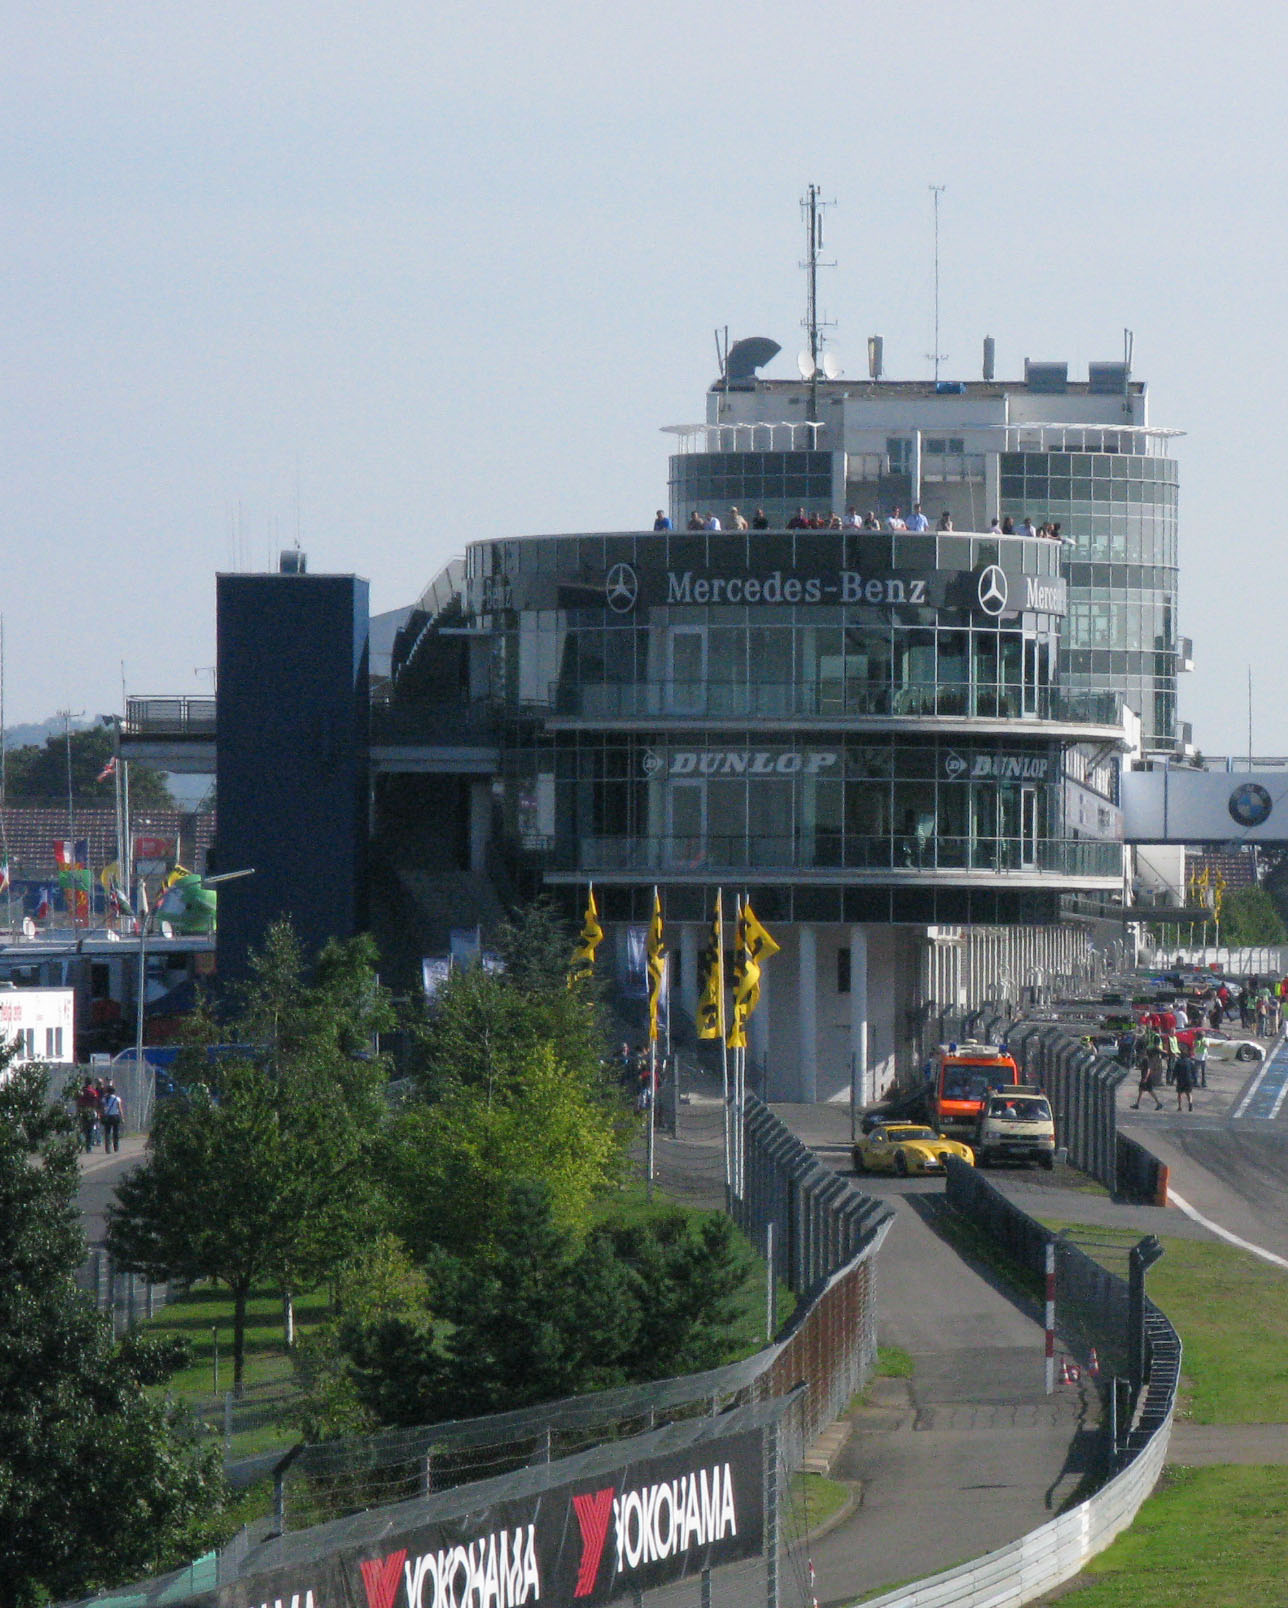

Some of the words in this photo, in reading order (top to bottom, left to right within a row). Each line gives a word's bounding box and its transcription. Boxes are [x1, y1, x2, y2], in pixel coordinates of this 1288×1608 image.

[666, 570, 926, 604] Mercedes-Benz
[669, 752, 837, 773] DUNLOP
[970, 755, 1048, 778] DUNLOP
[613, 1463, 737, 1573] YOKOHAMA
[404, 1524, 540, 1608] YOKOHAMA
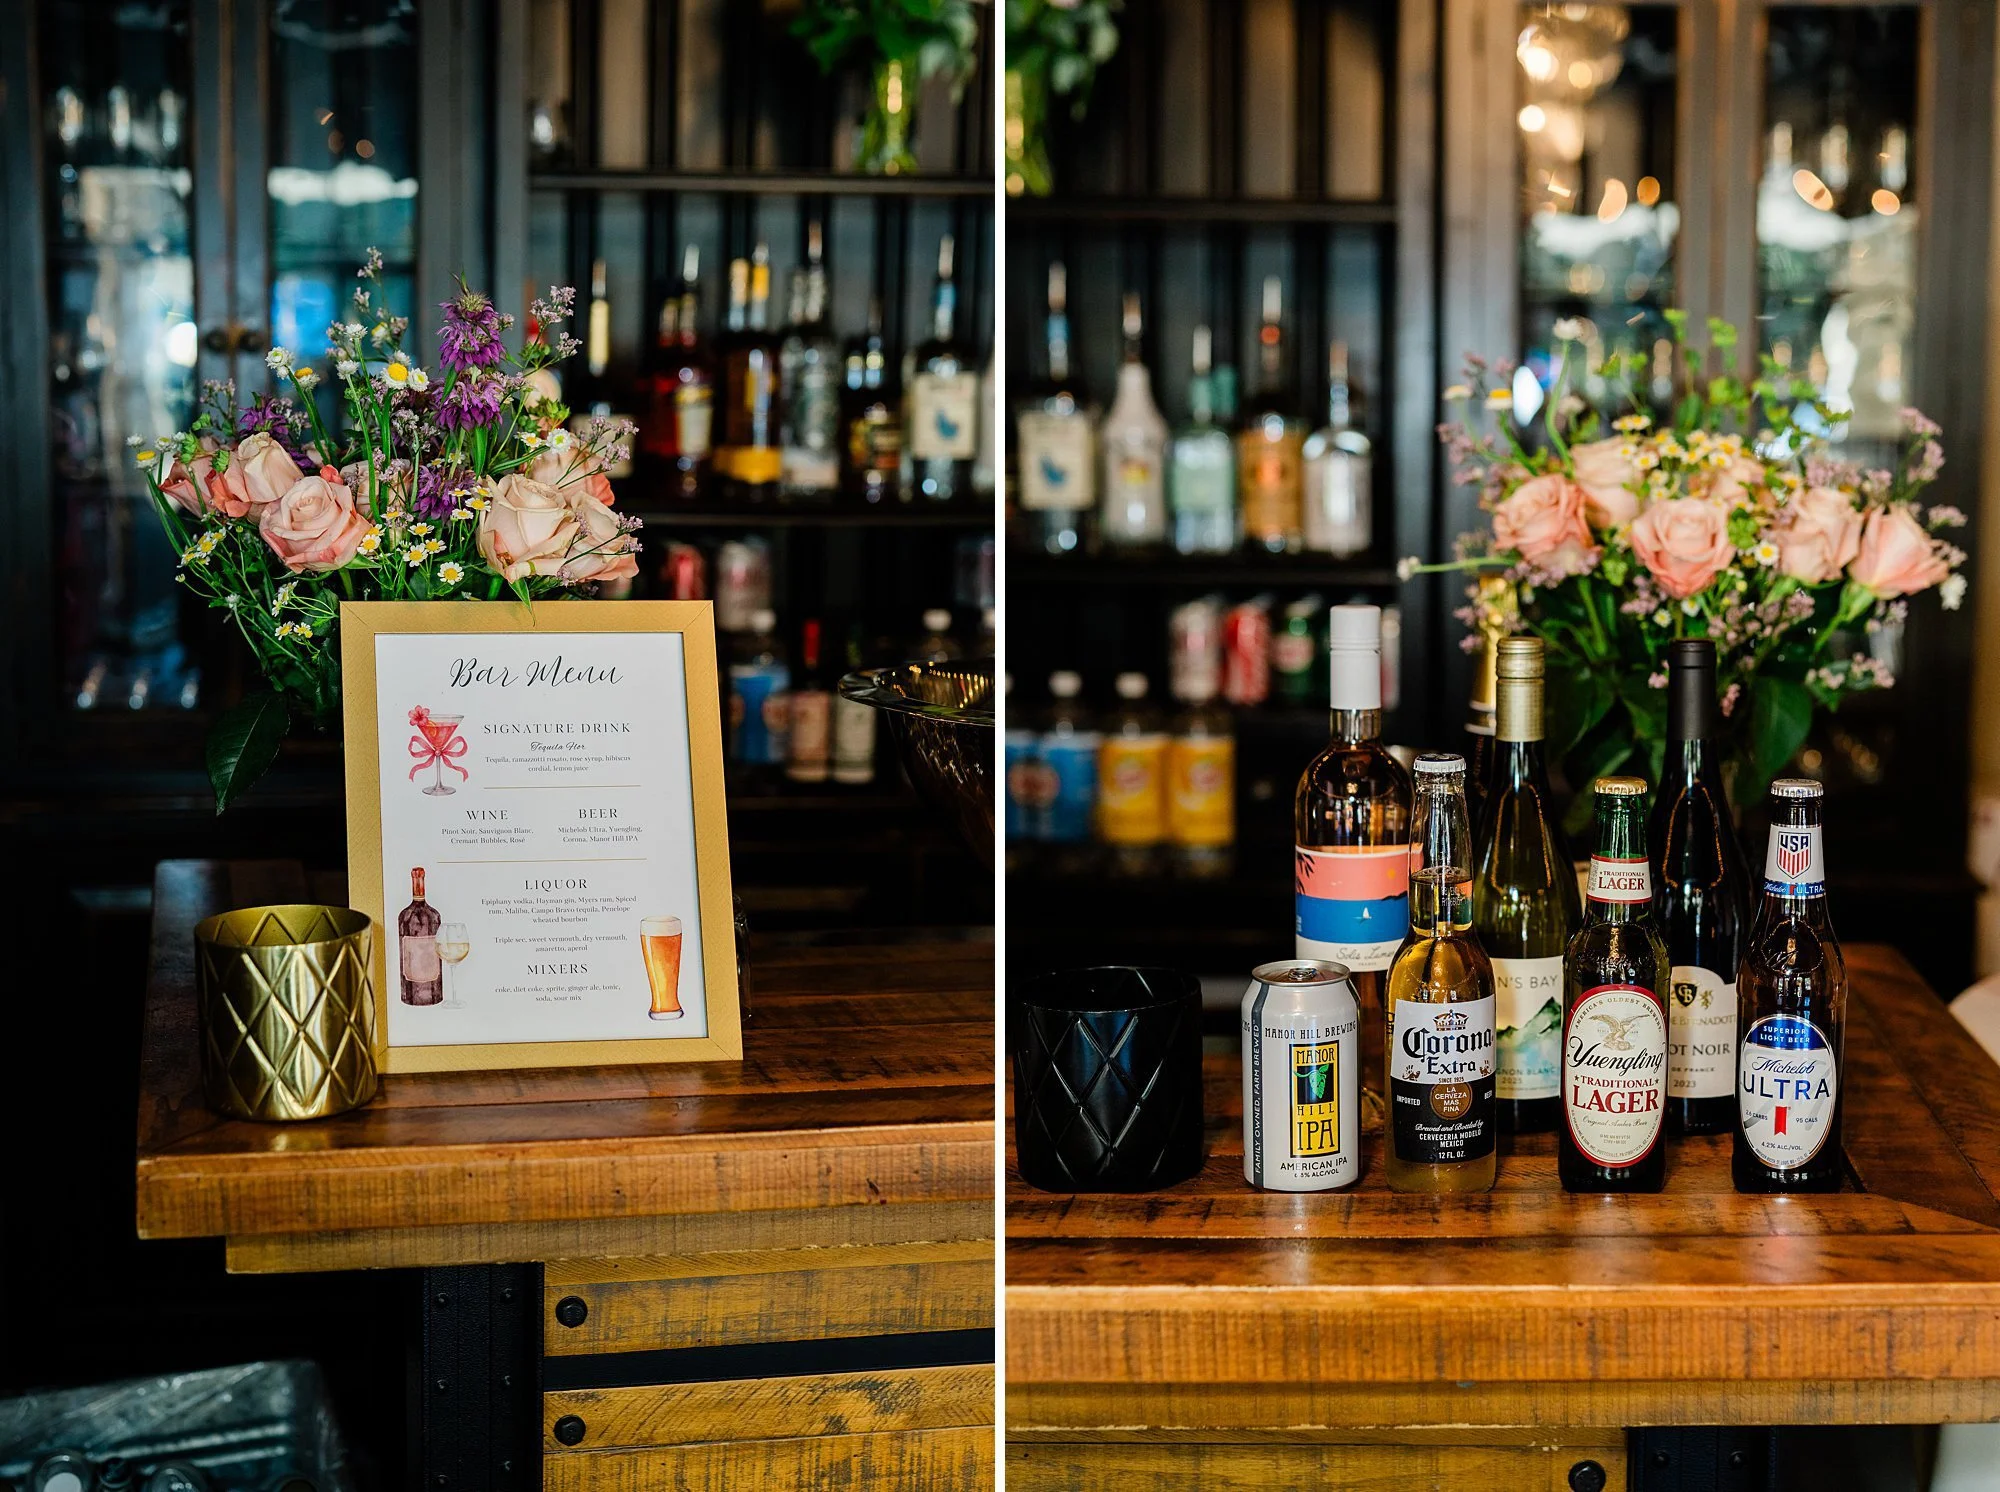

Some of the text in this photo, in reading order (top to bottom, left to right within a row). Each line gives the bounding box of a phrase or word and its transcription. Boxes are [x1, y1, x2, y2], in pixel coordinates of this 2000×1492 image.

[450, 655, 624, 687] Bar Menu
[484, 722, 631, 734] SIGNATURE DRINK
[530, 741, 563, 752] Tequila
[485, 756, 511, 765] Tequila,
[512, 755, 546, 763] ramazzotti
[584, 756, 604, 764] syrup,
[605, 754, 631, 762] hibiscus
[553, 764, 573, 772] lemon
[573, 764, 589, 773] juice
[466, 809, 508, 821] WINE
[578, 808, 618, 819] BEER
[479, 827, 513, 836] Sauvignon
[558, 825, 643, 834] Michelob Ultra, Yuengling,
[480, 837, 509, 845] Bubbles,
[589, 835, 611, 843] Manor
[1780, 834, 1809, 852] USA
[525, 878, 588, 893] LIQUOR
[1598, 876, 1645, 890] LAGER
[1797, 885, 1823, 894] ULTRA
[481, 898, 511, 907] Epiphany
[513, 897, 535, 905] vodka,
[536, 897, 563, 906] Hayman
[564, 897, 577, 906] gin,
[578, 896, 599, 905] Myers
[615, 895, 637, 904] Spiced
[505, 907, 530, 915] Malibu,
[531, 906, 554, 915] Campo
[556, 906, 575, 914] Bravo
[576, 905, 601, 914] tequila,
[601, 905, 631, 914] Penelope
[532, 915, 588, 923] wheated bourbon
[495, 937, 514, 945] Triple
[548, 935, 581, 943] vermouth,
[582, 934, 594, 943] dry
[535, 944, 588, 953] amaretto, aperol
[527, 963, 588, 975] MIXERS
[1530, 974, 1559, 989] BAY
[513, 985, 527, 993] diet
[546, 985, 567, 994] sprite,
[567, 984, 588, 993] ginger
[602, 983, 621, 991] tonic,
[535, 994, 553, 1002] soda,
[1575, 1000, 1604, 1030] AMERICA'S
[1607, 997, 1640, 1005] OLDEST
[1265, 1020, 1357, 1039] MANOR HILL BREWING
[1763, 1025, 1807, 1035] SUPERIOR
[1760, 1033, 1785, 1043] LIGHT
[1402, 1027, 1492, 1063] Corona
[1692, 1043, 1731, 1056] NOIR
[1296, 1048, 1335, 1064] MANOR
[1567, 1036, 1663, 1076] Yuengling
[1427, 1056, 1476, 1075] Extra
[1752, 1056, 1816, 1075] Michelob
[1580, 1074, 1655, 1089] TRADITIONAL
[1743, 1071, 1830, 1100] ULTRA
[1434, 1092, 1467, 1100] CERVEZA
[1572, 1085, 1659, 1113] LAGER
[1297, 1103, 1335, 1116] HILL
[1443, 1105, 1460, 1113] FINA
[1582, 1115, 1648, 1127] Original Amber Beer
[1753, 1112, 1768, 1121] CARBS
[1415, 1119, 1484, 1132] Brewed and Bottled by
[1297, 1119, 1335, 1151] IPA
[1419, 1128, 1482, 1141] CERVECERIA MODELO
[1440, 1139, 1464, 1148] MEXICO
[1761, 1141, 1776, 1149] 4.2%
[1456, 1150, 1466, 1158] OZ.
[1280, 1156, 1348, 1171] AMERICAN IPA
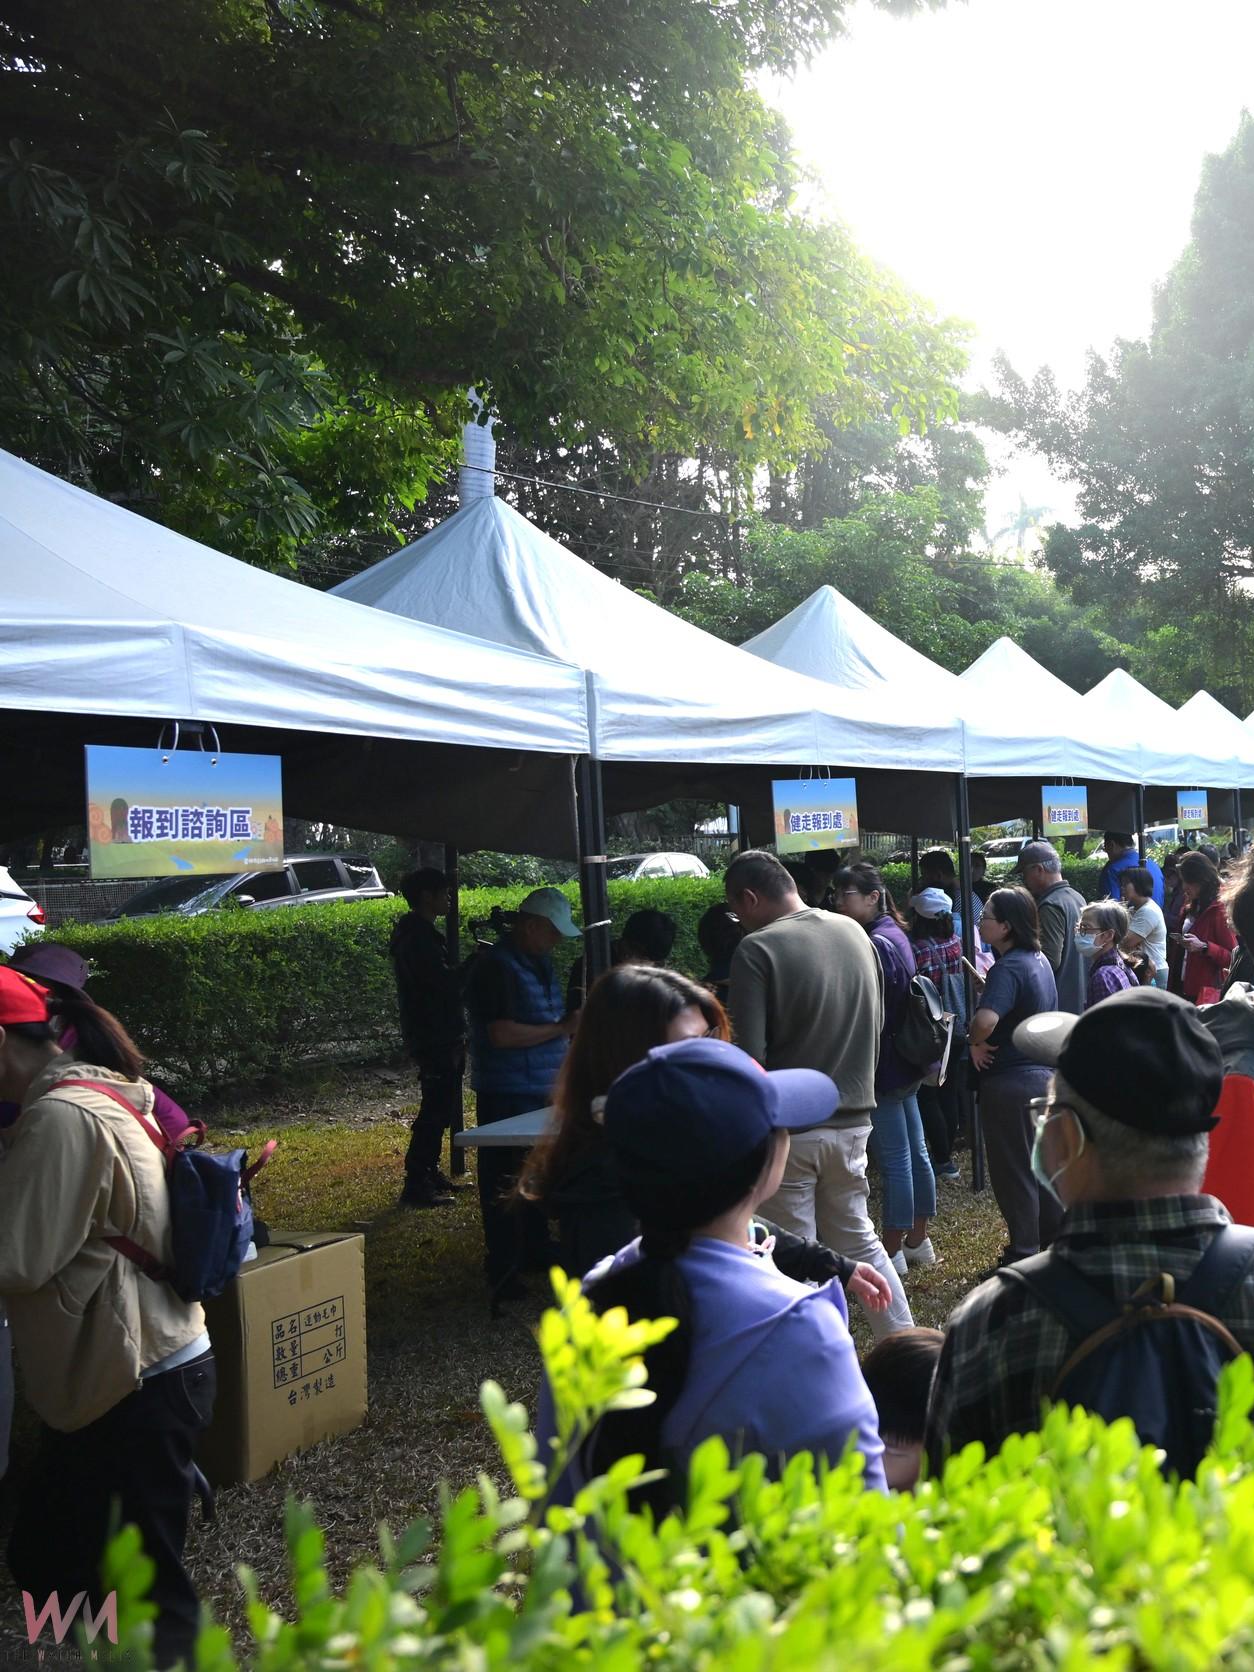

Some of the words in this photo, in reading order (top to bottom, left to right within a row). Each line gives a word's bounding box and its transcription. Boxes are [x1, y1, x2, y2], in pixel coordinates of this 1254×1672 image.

▬▬▬▬▬▬

**DIRECTIONS FOR THIS TASK**
Reproduce the listing exactly. The pictures are to be omitted.

**EXERCISE OUTPUT**
Some of the words in this photo, in reading order (top to bottom, left to right within a row). Each line gives a word's bounding box and its transcription. Boxes are [x1, y1, x2, y2], in pixel coordinates of this 1288×1608 image.

[666, 570, 926, 604] Mercedes-Benz
[669, 752, 837, 773] DUNLOP
[970, 755, 1048, 778] DUNLOP
[613, 1463, 737, 1573] YOKOHAMA
[404, 1524, 540, 1608] YOKOHAMA

Some of the text in this photo, in reading order (top to bottom, left to right within a row). Each line gives the bounding box of a phrase or word and its transcription. Boxes are [x1, y1, x2, y2], in pixel coordinates of this 2000×1492 image.

[450, 655, 624, 687] Bar Menu
[484, 722, 631, 734] SIGNATURE DRINK
[530, 741, 563, 752] Tequila
[485, 756, 511, 765] Tequila,
[512, 755, 546, 763] ramazzotti
[584, 756, 604, 764] syrup,
[605, 754, 631, 762] hibiscus
[553, 764, 573, 772] lemon
[573, 764, 589, 773] juice
[466, 809, 508, 821] WINE
[578, 808, 618, 819] BEER
[479, 827, 513, 836] Sauvignon
[558, 825, 643, 834] Michelob Ultra, Yuengling,
[480, 837, 509, 845] Bubbles,
[589, 835, 611, 843] Manor
[1780, 834, 1809, 852] USA
[525, 878, 588, 893] LIQUOR
[1598, 876, 1645, 890] LAGER
[1797, 885, 1823, 894] ULTRA
[481, 898, 511, 907] Epiphany
[513, 897, 535, 905] vodka,
[536, 897, 563, 906] Hayman
[564, 897, 577, 906] gin,
[578, 896, 599, 905] Myers
[615, 895, 637, 904] Spiced
[505, 907, 530, 915] Malibu,
[531, 906, 554, 915] Campo
[556, 906, 575, 914] Bravo
[576, 905, 601, 914] tequila,
[601, 905, 631, 914] Penelope
[532, 915, 588, 923] wheated bourbon
[495, 937, 514, 945] Triple
[548, 935, 581, 943] vermouth,
[582, 934, 594, 943] dry
[535, 944, 588, 953] amaretto, aperol
[527, 963, 588, 975] MIXERS
[1530, 974, 1559, 989] BAY
[513, 985, 527, 993] diet
[546, 985, 567, 994] sprite,
[567, 984, 588, 993] ginger
[602, 983, 621, 991] tonic,
[535, 994, 553, 1002] soda,
[1575, 1000, 1604, 1030] AMERICA'S
[1607, 997, 1640, 1005] OLDEST
[1265, 1020, 1357, 1039] MANOR HILL BREWING
[1763, 1025, 1807, 1035] SUPERIOR
[1760, 1033, 1785, 1043] LIGHT
[1402, 1027, 1492, 1063] Corona
[1692, 1043, 1731, 1056] NOIR
[1296, 1048, 1335, 1064] MANOR
[1567, 1036, 1663, 1076] Yuengling
[1427, 1056, 1476, 1075] Extra
[1752, 1056, 1816, 1075] Michelob
[1580, 1074, 1655, 1089] TRADITIONAL
[1743, 1071, 1830, 1100] ULTRA
[1434, 1092, 1467, 1100] CERVEZA
[1572, 1085, 1659, 1113] LAGER
[1297, 1103, 1335, 1116] HILL
[1443, 1105, 1460, 1113] FINA
[1582, 1115, 1648, 1127] Original Amber Beer
[1753, 1112, 1768, 1121] CARBS
[1415, 1119, 1484, 1132] Brewed and Bottled by
[1297, 1119, 1335, 1151] IPA
[1419, 1128, 1482, 1141] CERVECERIA MODELO
[1440, 1139, 1464, 1148] MEXICO
[1761, 1141, 1776, 1149] 4.2%
[1456, 1150, 1466, 1158] OZ.
[1280, 1156, 1348, 1171] AMERICAN IPA

Some of the words in this photo, in reading order (top to bottom, left to right within a row). Each line gives a word's bounding box and its transcription. Boxes are [x1, y1, x2, y2], in pixel coordinates of this 1254×1672 image.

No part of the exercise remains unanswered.